COUR NATIONALE DU DROIT D’ASILE (2ème section, 2ème chambre)N° 25002904
22 avril 2025
"Considérant ce qui suit :
Sur les faits et moyens invoqués par la requérante :
1. Mme A, de nationalité somalienne, née le 1er mai 1989, soutient qu’elle craint d’être exposée à des persécutions ou à une atteinte grave, en cas de retour dans son pays d’origine, d’une part, du fait des membres de son ancienne belle-famille en raison de l’appartenance clanique de sa famille maternelle, et d’autre part, en raison de la situation de violence aveugle de niveau élevé prévalant dans la région du Bas Shabelle et de sa situation de vulnérabilité, sans pouvoir bénéficier de la protection effective des autorités. Elle fait valoir qu’elle est originaire de la localité de Qoryooley, dans la région de Bas Shabelle. Après le décès de ses parents durant son enfance, elle a été en 2011 contrainte par son frère, pour une raison financière, d’épouser un homme plus âgé ayant déjà des enfants. Au cours de leur vie conjugale, son époux lui a infligé des mauvais traitements. Elle a eu trois enfants dans le cadre de ce mariage. Consécutivement au décès de son époux en novembre 2012, elle a été contrainte par sa belle-famille d’épouser le frère de celui-ci, conformément à la pratique traditionnelle du lévirat (dumaal). Le mariage a lieu en février 2013. Après avoir eu trois nouveaux enfants avec son deuxième mari, ce dernier a eu connaissance de l’appartenance clanique minoritaire madhibaan de sa mère. Il a alors demandé le divorce, qui a été prononcé en 2016. En novembre 2017, elle a épousé un homme de son plein gré, son actuel mari. Avec l’aide de ce dernier, elle est parvenue à récupérer la garde de ses six enfants. Rapidement, elle a fait l’objet de menaces émanant de son ex-époux, qui est parvenu périodiquement à reprendre ses enfants. Dans ce contexte, elle a placé ses enfants au domicile de sa tante afin d’assurer leur sécurité. Elle a alors été informée de la volonté de son ancienne belle-famille d’attaquer le domicile de sa tante afin d’obtenir par la force la garde de ses enfants et de menaces de morts la concernant. Craignant pour sa sécurité, elle a quitté la Somalie en mars 2022 sans ses enfants et son conjoint, lequel est resté en Ethiopie, et est entrée irrégulièrement en France le 28 juillet 2024 après avoir transité par l’Ethiopie, le Soudan, la Libye durant près de deux ans et l’Italie.

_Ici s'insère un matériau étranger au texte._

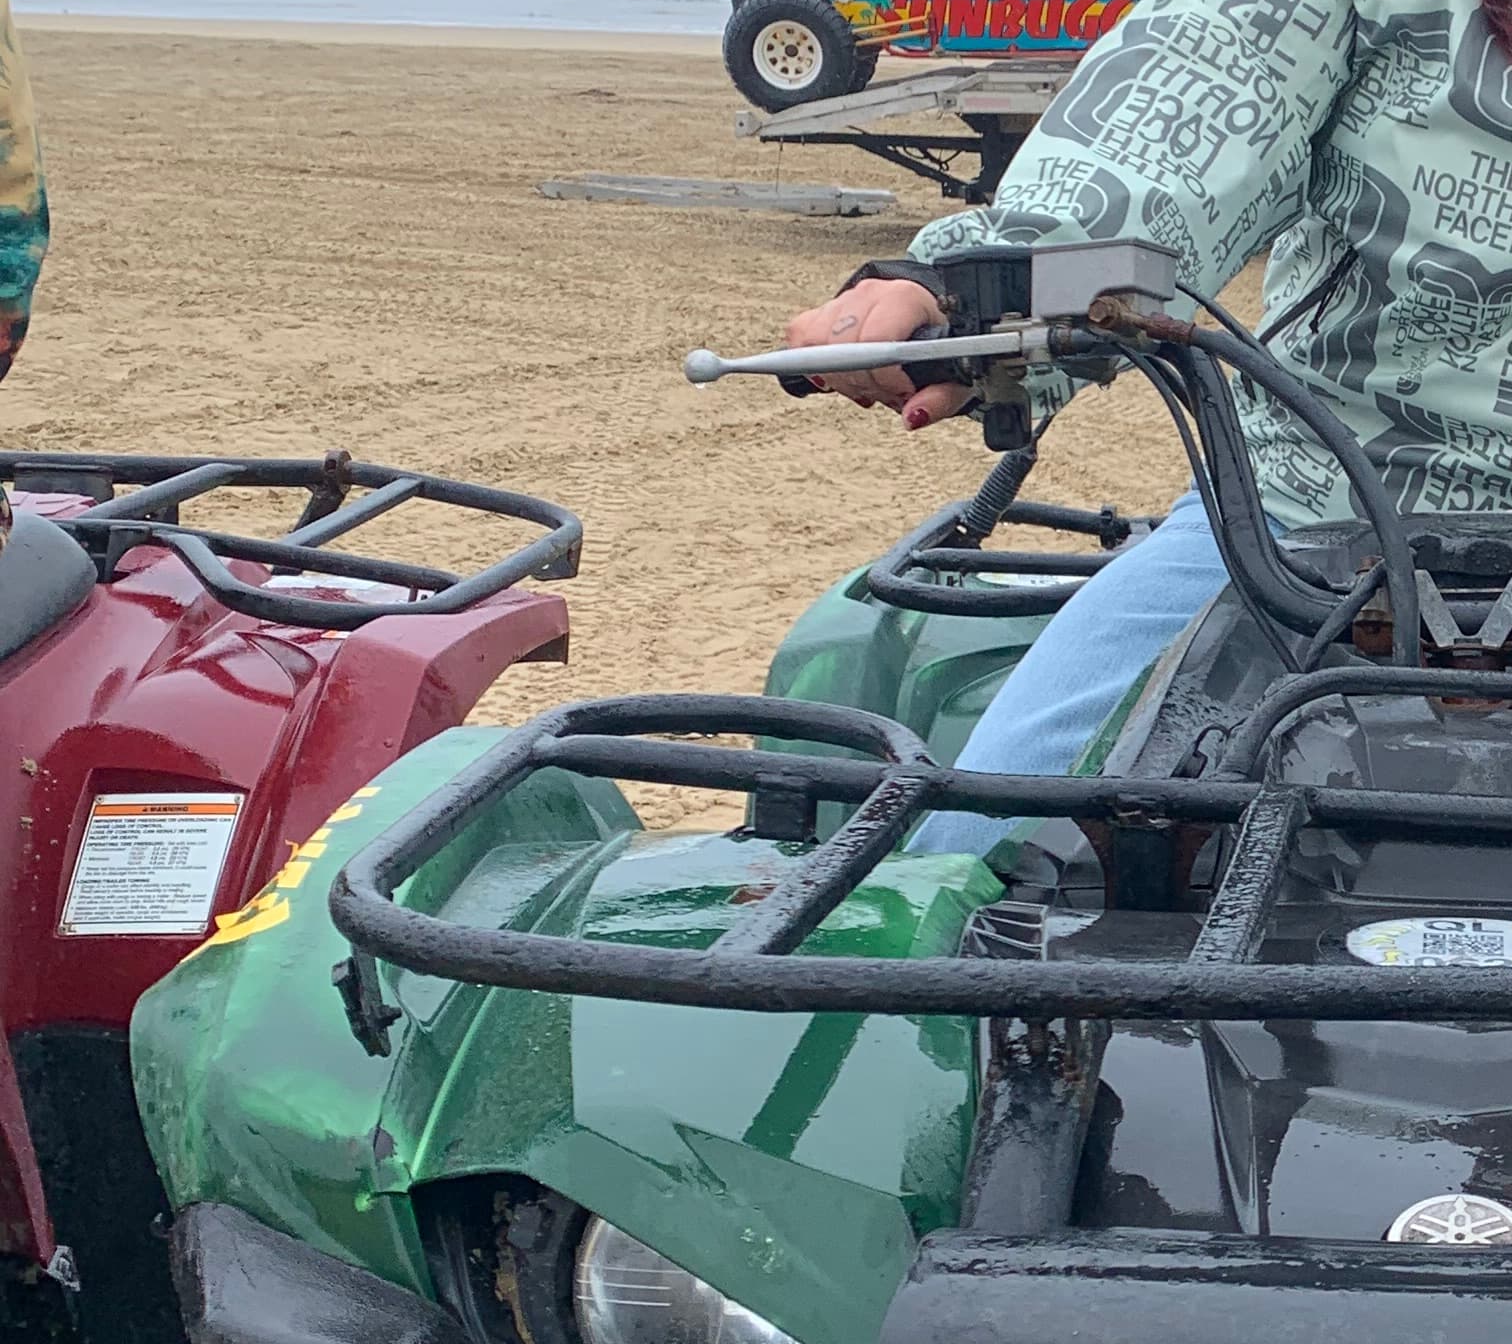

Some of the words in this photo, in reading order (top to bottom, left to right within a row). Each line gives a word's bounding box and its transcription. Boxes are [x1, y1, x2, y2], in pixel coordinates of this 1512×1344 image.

[1038, 156, 1094, 182] THE
[999, 180, 1080, 205] ORTH
[1434, 203, 1512, 252] FACE
[1424, 920, 1504, 932] QL
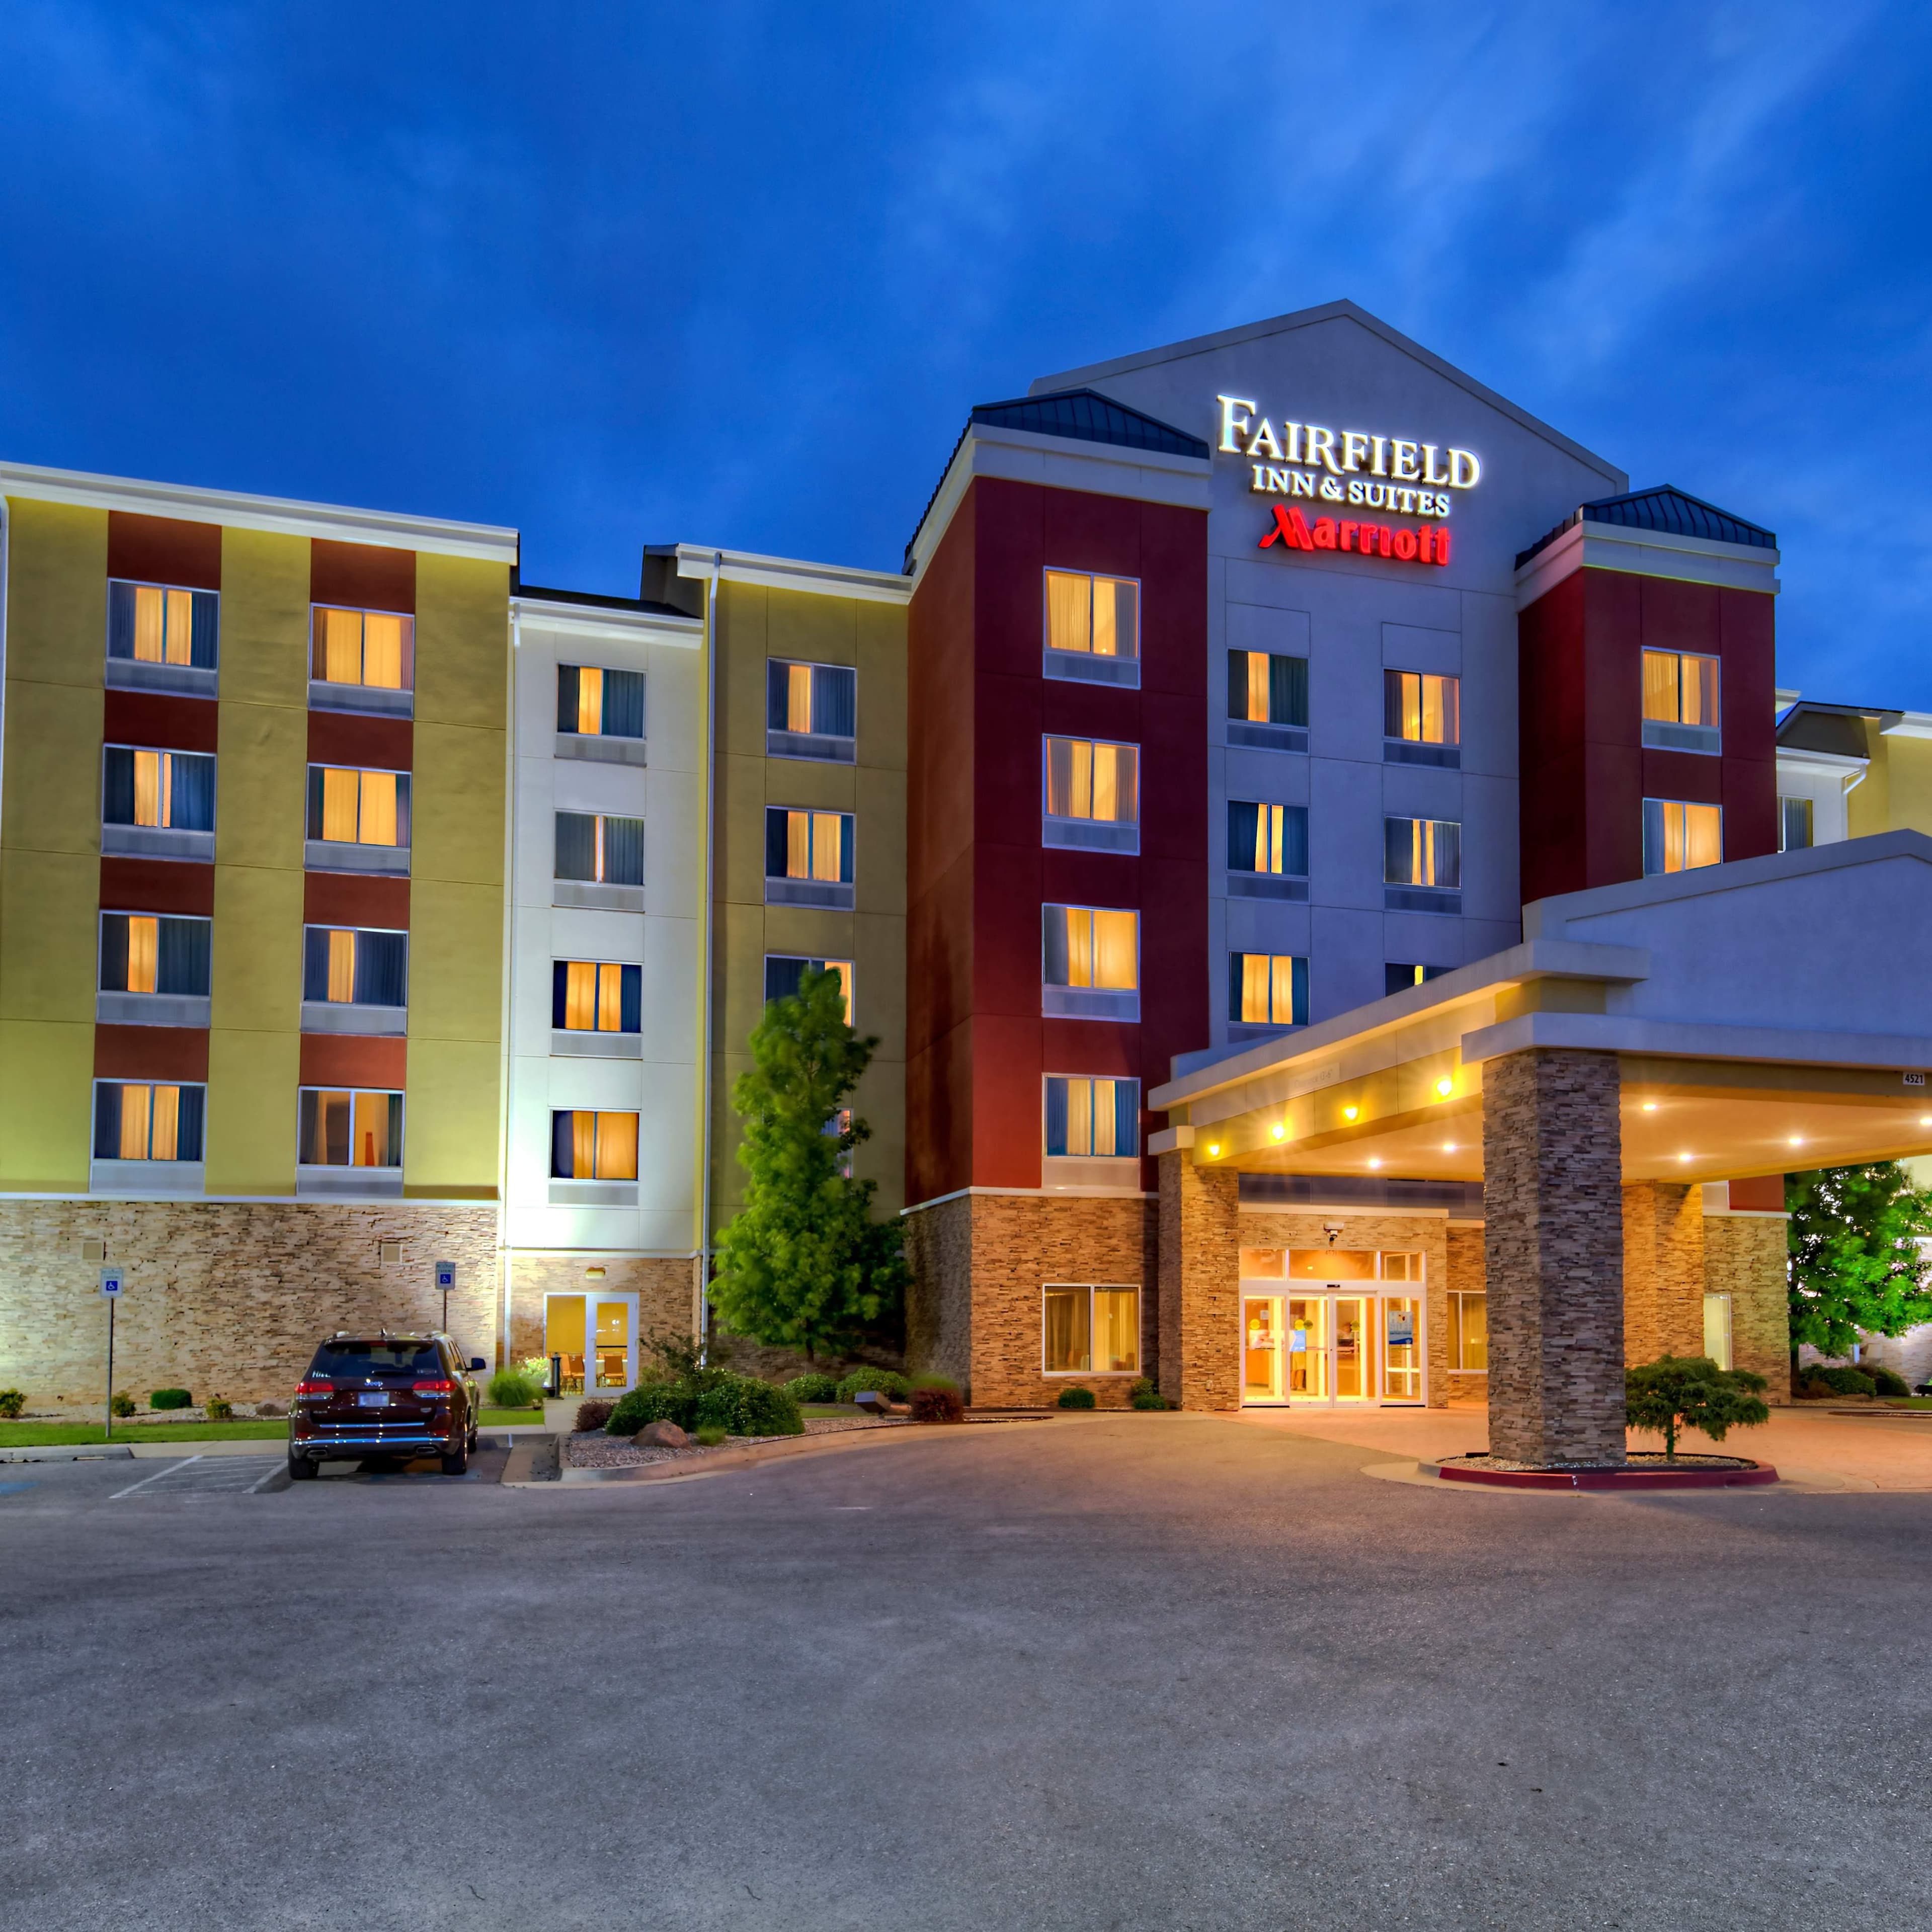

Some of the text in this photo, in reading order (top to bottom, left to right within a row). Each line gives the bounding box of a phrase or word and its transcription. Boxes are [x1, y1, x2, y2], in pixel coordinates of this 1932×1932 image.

[1217, 394, 1482, 489] FAIRFIELD
[1252, 464, 1451, 518] INN & SUITES
[1258, 504, 1451, 567] Marriott
[1905, 1074, 1923, 1084] 4521

Sur le bien-fondé de la demande d’asile :
2. Aux termes de l’article 1er, A, 2 de la convention de Genève du 28 juillet 1951 et du protocole signé à New York le 31 janvier 1967, doit être considérée comme réfugiée toute personne qui « craignant avec raison d'être persécutée du fait de sa race, de sa religion, de sa nationalité, de son appartenance à un certain groupe social ou de ses opinions politiques, se trouve hors du pays dont elle a la nationalité et qui ne peut, ou, du fait de cette crainte, ne veut se réclamer de la protection de ce pays ».

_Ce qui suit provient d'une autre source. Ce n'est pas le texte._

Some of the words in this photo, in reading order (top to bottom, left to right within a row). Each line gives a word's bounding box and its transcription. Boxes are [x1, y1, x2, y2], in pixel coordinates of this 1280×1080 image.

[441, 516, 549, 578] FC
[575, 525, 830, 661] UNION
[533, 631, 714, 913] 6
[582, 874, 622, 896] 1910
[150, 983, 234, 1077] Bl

3. Aux termes de l’article L. 512-1 du code de l’entrée et du séjour des étrangers et du droit d’asile : « Le bénéfice de la protection subsidiaire est accordé à toute personne qui ne remplit pas les conditions pour se voir reconnaître la qualité de réfugié mais pour laquelle il existe des motifs sérieux et avérés de croire qu'elle courrait dans son pays un risque réel de subir l'une des atteintes graves suivantes : / 1° La peine de mort ou une exécution ; / 2° La torture ou des peines ou traitements inhumains ou dégradants ; / 3° S'agissant d'un civil, une menace grave et individuelle contre sa vie ou sa personne en raison d'une violence qui peut s'étendre à des personnes sans considération de leur situation personnelle et résultant d'une situation de conflit armé interne ou international ».
4. En premier lieu, l’instruction, notamment les déclarations de Mme A au cours de l’audience, permet d’établir sa nationalité somalienne, au demeurant non contestée par l’Office, et sa provenance de la région de Bas Shabelle. En effet, Mme A a livré des informations personnalisées et cohérentes sur la toponymie de la localité de Qoryooley, dont elle est originaire, et de ses environs. Ses déclarations concernant la situation sécuritaire sont également concordantes avec les informations publiques disponibles, notamment s’agissant de prise de contrôle de la localité par Al-Shabaab aux alentours de l’année 2009, tel que renseigné dans un communiqué de presse de la mission de l’Union Africaine le 22 mars 2014.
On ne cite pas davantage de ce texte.